» STUDY MATERIAL
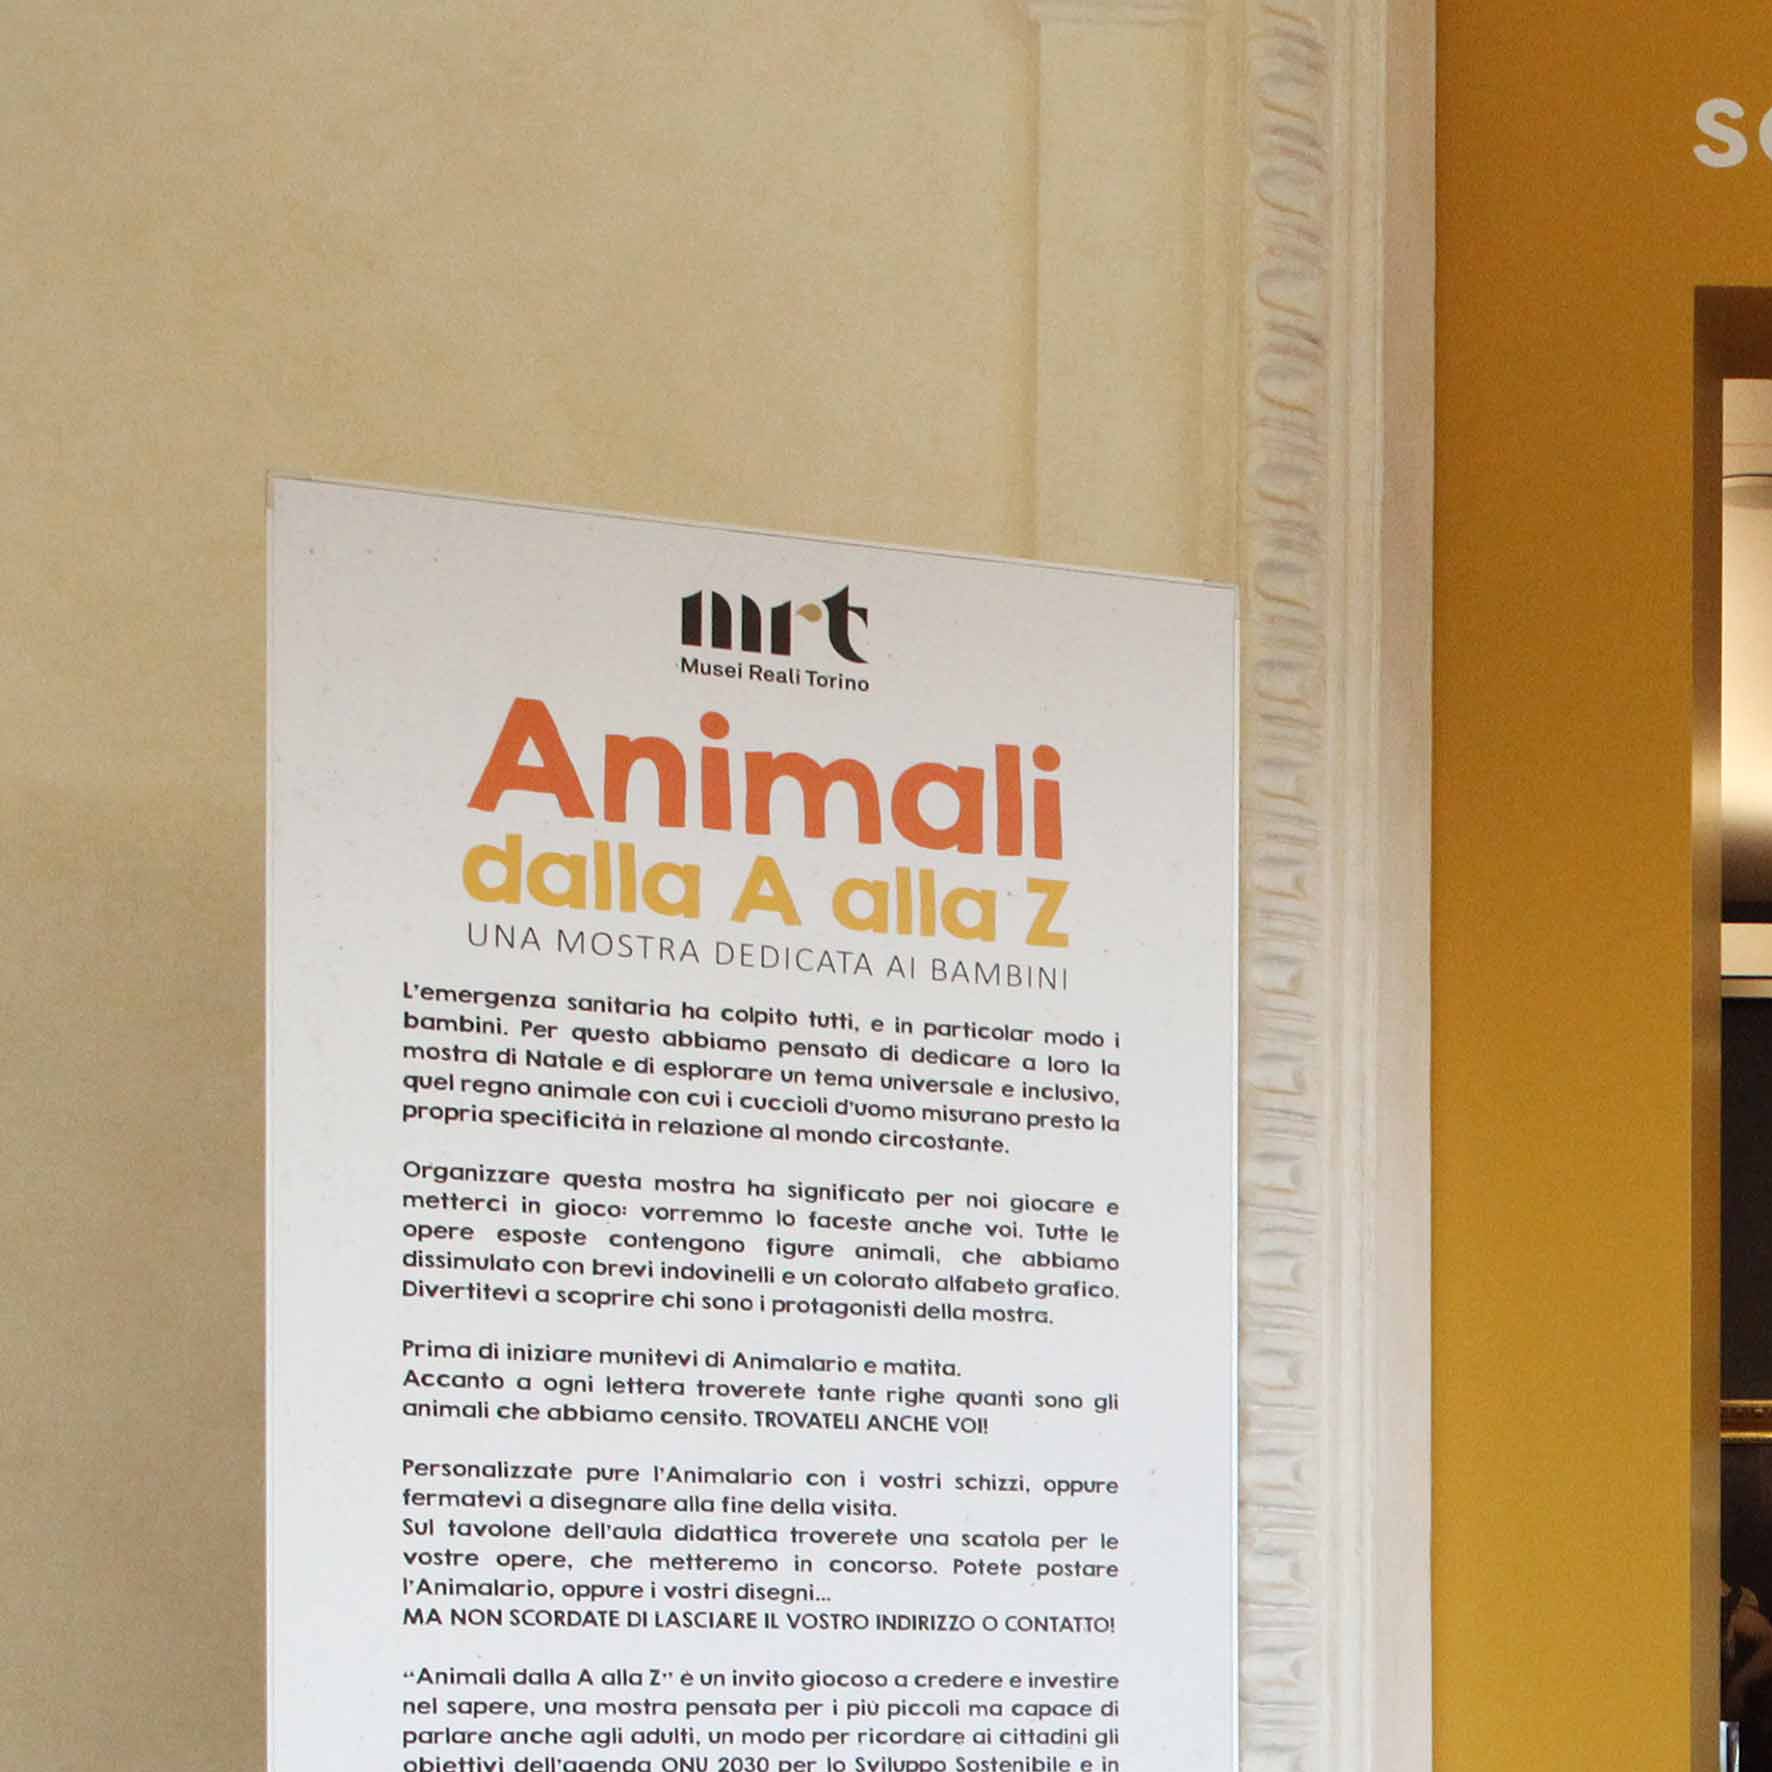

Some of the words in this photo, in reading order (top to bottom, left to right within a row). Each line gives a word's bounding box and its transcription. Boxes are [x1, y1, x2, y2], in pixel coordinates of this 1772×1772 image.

[681, 657, 742, 679] Musei
[749, 664, 800, 685] Reali
[805, 670, 869, 692] Torino
[467, 697, 1062, 860] Animali
[463, 834, 700, 918] dalla
[732, 856, 800, 925] A
[833, 867, 996, 941] alla
[1027, 879, 1068, 947] Z
[468, 922, 541, 951] UNA
[558, 929, 699, 963] MOSTRA
[716, 941, 872, 976] DEDICATA
[886, 955, 914, 979] AI
[932, 958, 1066, 990] BAMBINI
[402, 980, 557, 1010] L'emergenza
[566, 994, 671, 1018] sanitaria
[681, 1000, 710, 1021] ha
[720, 1005, 798, 1029] colpito
[807, 1010, 860, 1033] tutti,
[870, 1018, 885, 1033] e
[894, 1015, 913, 1035] in
[923, 1021, 1035, 1044] particolar
[1043, 1029, 1105, 1048] modo
[1114, 1031, 1121, 1049] i
[403, 1010, 509, 1037] bambini.
[520, 1019, 559, 1039] Per
[571, 1026, 651, 1046] questo
[661, 1029, 767, 1054] abbiamo
[778, 1039, 868, 1060] pensato
[879, 1043, 900, 1063] di
[910, 1045, 1011, 1070] dedicare
[1021, 1056, 1037, 1072] a
[1047, 1055, 1090, 1075] loro
[1100, 1058, 1121, 1078] la
[402, 1160, 551, 1186] Organizzare
[562, 1171, 642, 1192] questa
[654, 1176, 736, 1196] mostra
[747, 1177, 776, 1198] ha
[787, 1180, 905, 1205] significato
[916, 1191, 955, 1210] per
[965, 1191, 998, 1209] noi
[1009, 1193, 1095, 1215] giocare
[1105, 1201, 1120, 1216] e
[402, 1223, 475, 1243] opere
[496, 1227, 588, 1248] esposte
[608, 1231, 746, 1256] contengono
[765, 1236, 835, 1260] figure
[854, 1242, 941, 1265] animali,
[961, 1247, 1003, 1266] che
[1021, 1250, 1120, 1272] abbiamo
[402, 1338, 472, 1360] Prima
[477, 1341, 500, 1361] di
[506, 1341, 593, 1364] iniziare
[599, 1347, 699, 1368] munitevi
[704, 1350, 726, 1369] di
[731, 1351, 858, 1374] Animalario
[863, 1359, 878, 1375] e
[882, 1357, 962, 1377] matita.
[401, 1399, 490, 1419] animali
[496, 1401, 541, 1421] che
[546, 1403, 654, 1424] abbiamo
[659, 1407, 748, 1428] censito.
[753, 1409, 860, 1431] TROVATELI
[866, 1413, 940, 1433] ANCHE
[945, 1416, 989, 1435] VOI!
[401, 1487, 522, 1509] fermatevi
[528, 1494, 544, 1510] a
[550, 1491, 668, 1515] disegnare
[673, 1494, 715, 1513] alla
[720, 1495, 765, 1515] fine
[770, 1496, 825, 1516] della
[831, 1498, 897, 1518] visita.
[402, 1607, 444, 1626] MA
[450, 1607, 503, 1627] NON
[509, 1608, 621, 1628] SCORDATE
[626, 1610, 648, 1629] DI
[654, 1610, 758, 1630] LASCIARE
[763, 1611, 780, 1630] IL
[785, 1612, 870, 1631] VOSTRO
[875, 1613, 976, 1632] INDIRIZZO
[981, 1615, 999, 1632] O
[1004, 1615, 1116, 1634] CONTATTO!
[402, 1726, 493, 1749] parlare
[499, 1726, 574, 1745] anche
[580, 1726, 624, 1750] agli
[630, 1726, 701, 1748] adulti,
[707, 1730, 734, 1745] un
[741, 1727, 806, 1745] modo
[811, 1730, 851, 1750] per
[857, 1727, 966, 1746] ricordare
[972, 1727, 992, 1745] ai
[998, 1727, 1088, 1746] cittadini
[1094, 1727, 1120, 1750] gli

» TASK TO COMPLETE
All that is needed is a number: how many lines in the data above contain the string "modo".

» OUTPUT BELOW
2